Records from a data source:

* * * * *

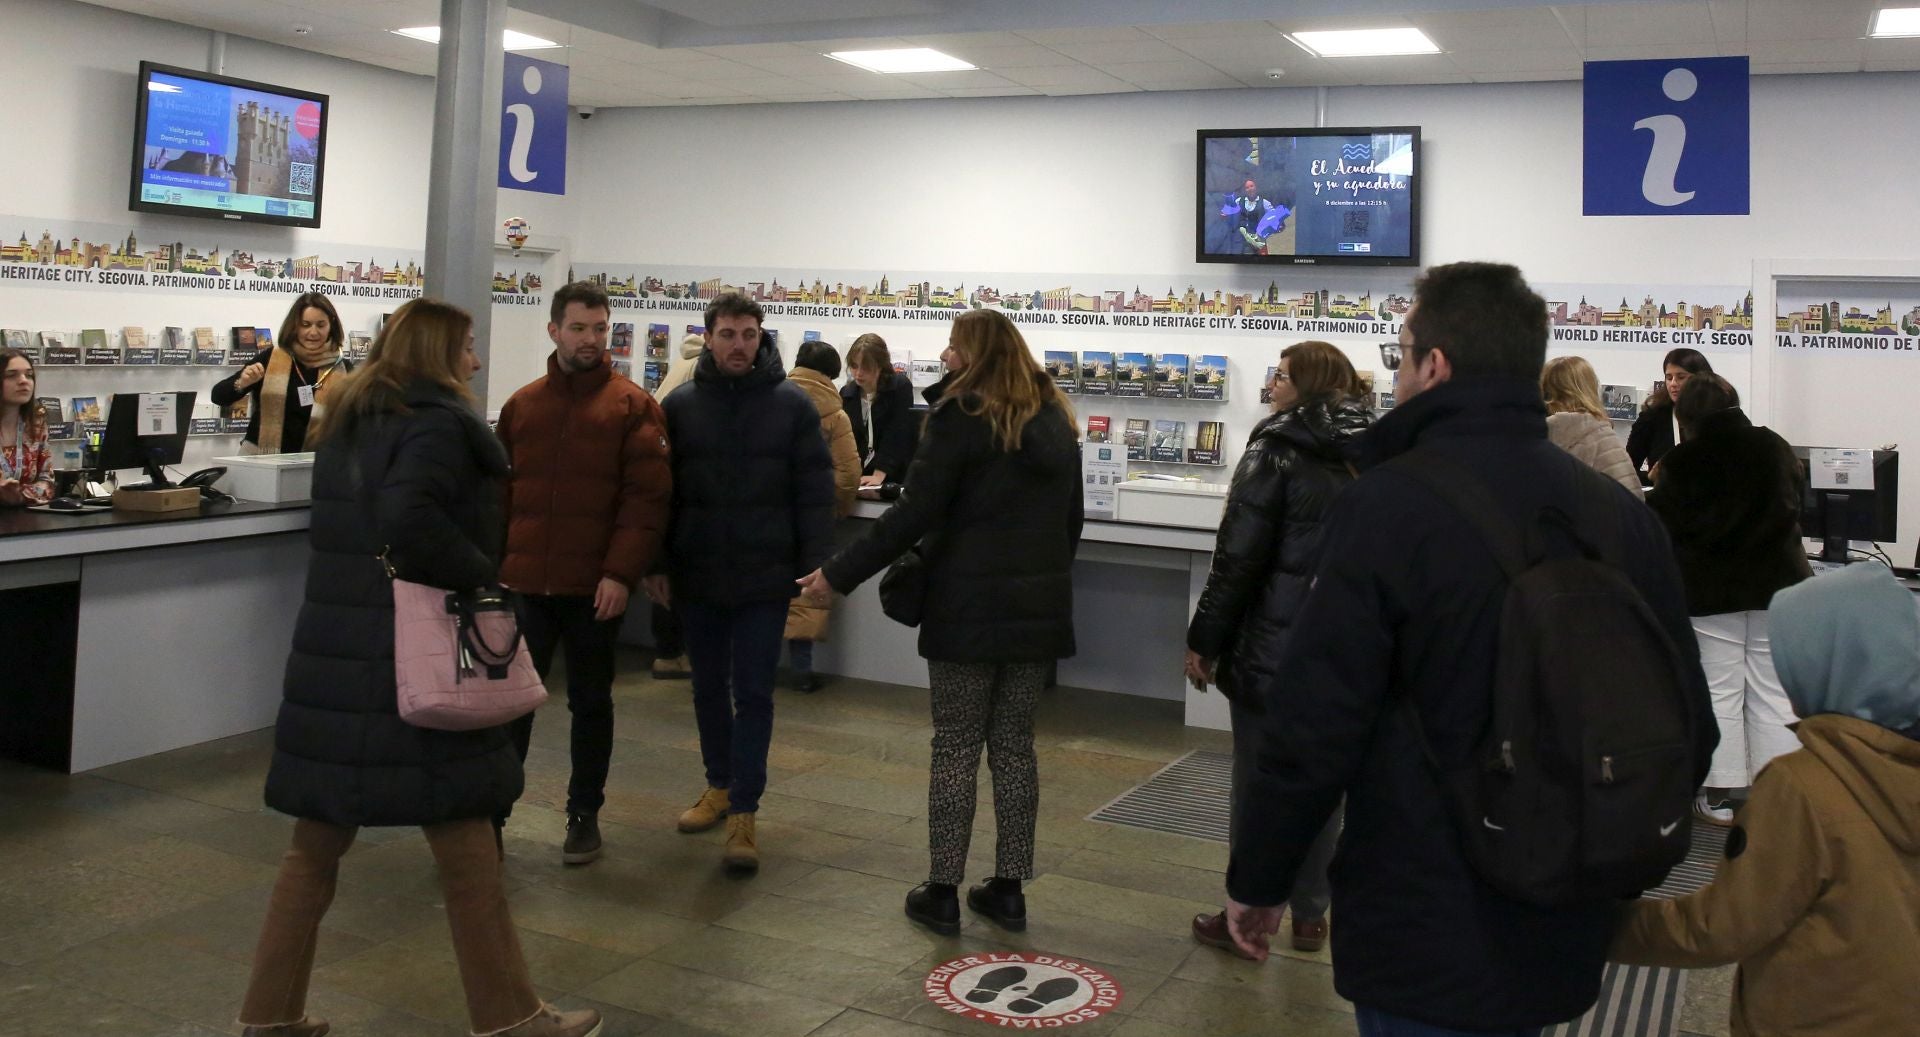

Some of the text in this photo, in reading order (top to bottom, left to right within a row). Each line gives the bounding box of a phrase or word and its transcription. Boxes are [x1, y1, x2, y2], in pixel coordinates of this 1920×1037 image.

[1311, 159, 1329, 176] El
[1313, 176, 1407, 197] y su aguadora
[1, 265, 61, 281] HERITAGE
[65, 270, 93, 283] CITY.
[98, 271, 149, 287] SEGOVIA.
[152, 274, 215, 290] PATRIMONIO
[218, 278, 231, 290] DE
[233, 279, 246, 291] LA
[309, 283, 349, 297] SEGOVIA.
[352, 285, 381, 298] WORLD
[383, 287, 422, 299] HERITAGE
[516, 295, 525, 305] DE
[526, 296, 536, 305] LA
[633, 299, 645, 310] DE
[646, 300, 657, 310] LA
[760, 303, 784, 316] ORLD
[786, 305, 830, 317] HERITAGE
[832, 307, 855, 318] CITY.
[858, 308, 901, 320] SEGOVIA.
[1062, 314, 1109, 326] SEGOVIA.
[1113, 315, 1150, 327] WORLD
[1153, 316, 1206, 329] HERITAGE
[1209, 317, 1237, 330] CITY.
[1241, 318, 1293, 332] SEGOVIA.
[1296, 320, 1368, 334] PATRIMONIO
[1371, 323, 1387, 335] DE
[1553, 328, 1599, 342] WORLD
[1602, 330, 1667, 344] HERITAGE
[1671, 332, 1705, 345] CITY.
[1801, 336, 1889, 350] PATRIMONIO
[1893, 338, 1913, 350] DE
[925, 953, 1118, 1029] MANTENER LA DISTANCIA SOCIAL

* * * * *

* Task description
Nothing but the records, repeated exactly and stripped of pictures, should appear in the answer.

* Final answer
Some of the text in this photo, in reading order (top to bottom, left to right within a row). Each line gives the bounding box of a phrase or word and its transcription. Boxes are [x1, y1, x2, y2], in pixel coordinates of this 1920×1037 image.

[1311, 159, 1329, 176] El
[1313, 176, 1407, 197] y su aguadora
[1, 265, 61, 281] HERITAGE
[65, 270, 93, 283] CITY.
[98, 271, 149, 287] SEGOVIA.
[152, 274, 215, 290] PATRIMONIO
[218, 278, 231, 290] DE
[233, 279, 246, 291] LA
[309, 283, 349, 297] SEGOVIA.
[352, 285, 381, 298] WORLD
[383, 287, 422, 299] HERITAGE
[516, 295, 525, 305] DE
[526, 296, 536, 305] LA
[633, 299, 645, 310] DE
[646, 300, 657, 310] LA
[760, 303, 784, 316] ORLD
[786, 305, 830, 317] HERITAGE
[832, 307, 855, 318] CITY.
[858, 308, 901, 320] SEGOVIA.
[1062, 314, 1109, 326] SEGOVIA.
[1113, 315, 1150, 327] WORLD
[1153, 316, 1206, 329] HERITAGE
[1209, 317, 1237, 330] CITY.
[1241, 318, 1293, 332] SEGOVIA.
[1296, 320, 1368, 334] PATRIMONIO
[1371, 323, 1387, 335] DE
[1553, 328, 1599, 342] WORLD
[1602, 330, 1667, 344] HERITAGE
[1671, 332, 1705, 345] CITY.
[1801, 336, 1889, 350] PATRIMONIO
[1893, 338, 1913, 350] DE
[925, 953, 1118, 1029] MANTENER LA DISTANCIA SOCIAL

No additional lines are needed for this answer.